- Brief
Every entry needs to be written out again exactly, with its pictures removed.

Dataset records
______________________________
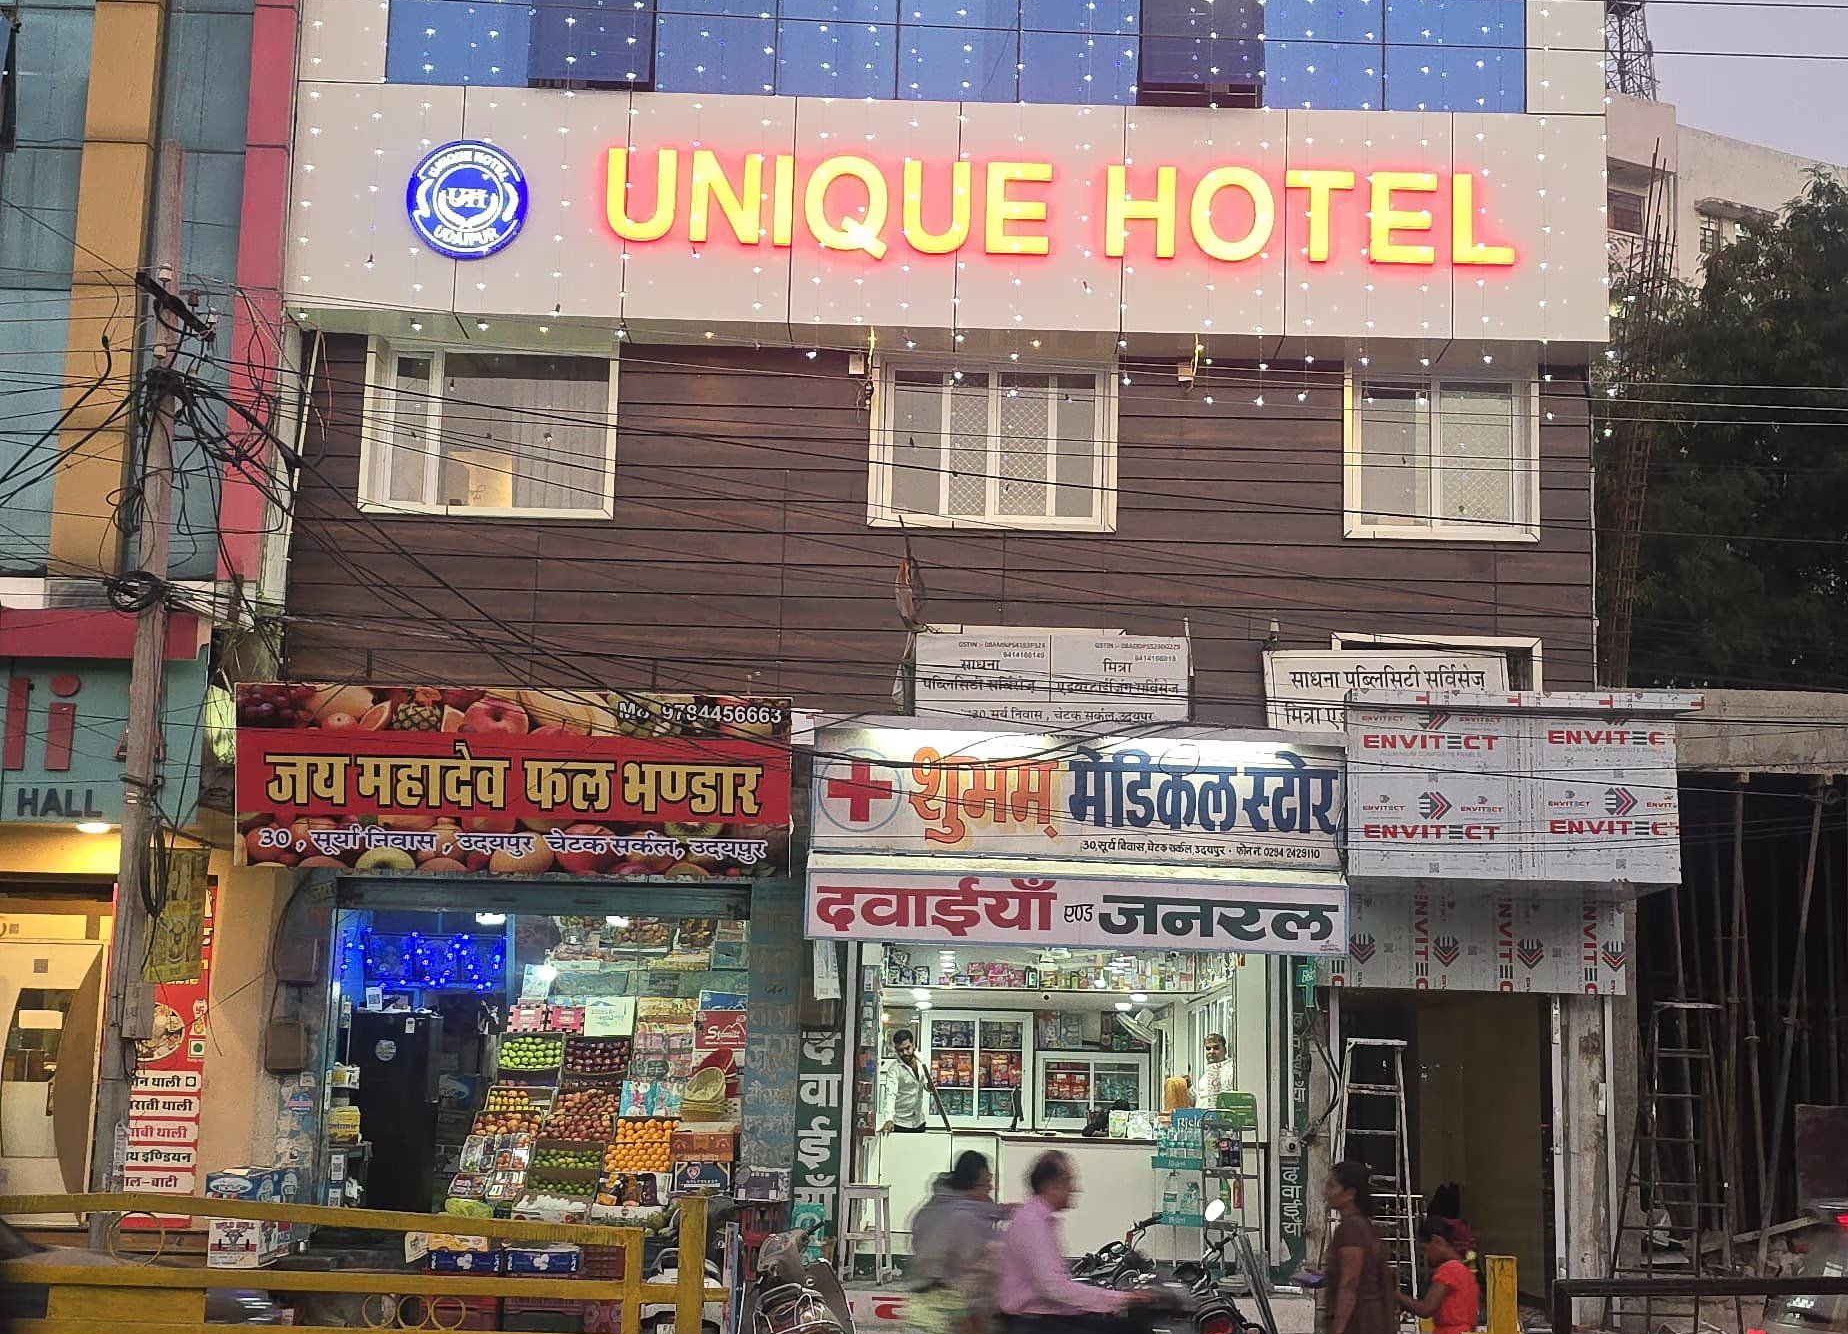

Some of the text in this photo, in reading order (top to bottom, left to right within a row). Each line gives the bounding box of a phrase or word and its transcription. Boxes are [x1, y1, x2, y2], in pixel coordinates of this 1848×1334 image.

[606, 147, 1516, 266] UNIQUE HOTEL
[1102, 657, 1133, 673] मित्रा
[1289, 670, 1341, 689] साधना
[1343, 664, 1421, 690] पब्लिसिटी
[1363, 734, 1499, 750] ENVITECT
[264, 740, 764, 816] जय महादेव फल भण्डार
[1069, 745, 1237, 832] मेडिकल
[1242, 750, 1339, 836] स्टोर
[16, 787, 103, 818] HALL
[1363, 824, 1502, 840] ENVITECT
[454, 832, 536, 859] उदयपुर
[544, 828, 606, 854] चेटक
[688, 837, 769, 865] उदयपुर
[816, 876, 1058, 937] दवाईयाँ
[1098, 894, 1339, 942] जनरल
[151, 1075, 181, 1088] थाली
[162, 1099, 193, 1112] थाली
[157, 1125, 188, 1139] थाली
______________________________
- Exercise answer
Some of the text in this photo, in reading order (top to bottom, left to right within a row). Each line gives the bounding box of a phrase or word and its transcription. Boxes are [x1, y1, x2, y2], in pixel coordinates of this 1848×1334 image.

[606, 147, 1516, 266] UNIQUE HOTEL
[1102, 657, 1133, 673] मित्रा
[1289, 670, 1341, 689] साधना
[1343, 664, 1421, 690] पब्लिसिटी
[1363, 734, 1499, 750] ENVITECT
[264, 740, 764, 816] जय महादेव फल भण्डार
[1069, 745, 1237, 832] मेडिकल
[1242, 750, 1339, 836] स्टोर
[16, 787, 103, 818] HALL
[1363, 824, 1502, 840] ENVITECT
[454, 832, 536, 859] उदयपुर
[544, 828, 606, 854] चेटक
[688, 837, 769, 865] उदयपुर
[816, 876, 1058, 937] दवाईयाँ
[1098, 894, 1339, 942] जनरल
[151, 1075, 181, 1088] थाली
[162, 1099, 193, 1112] थाली
[157, 1125, 188, 1139] थाली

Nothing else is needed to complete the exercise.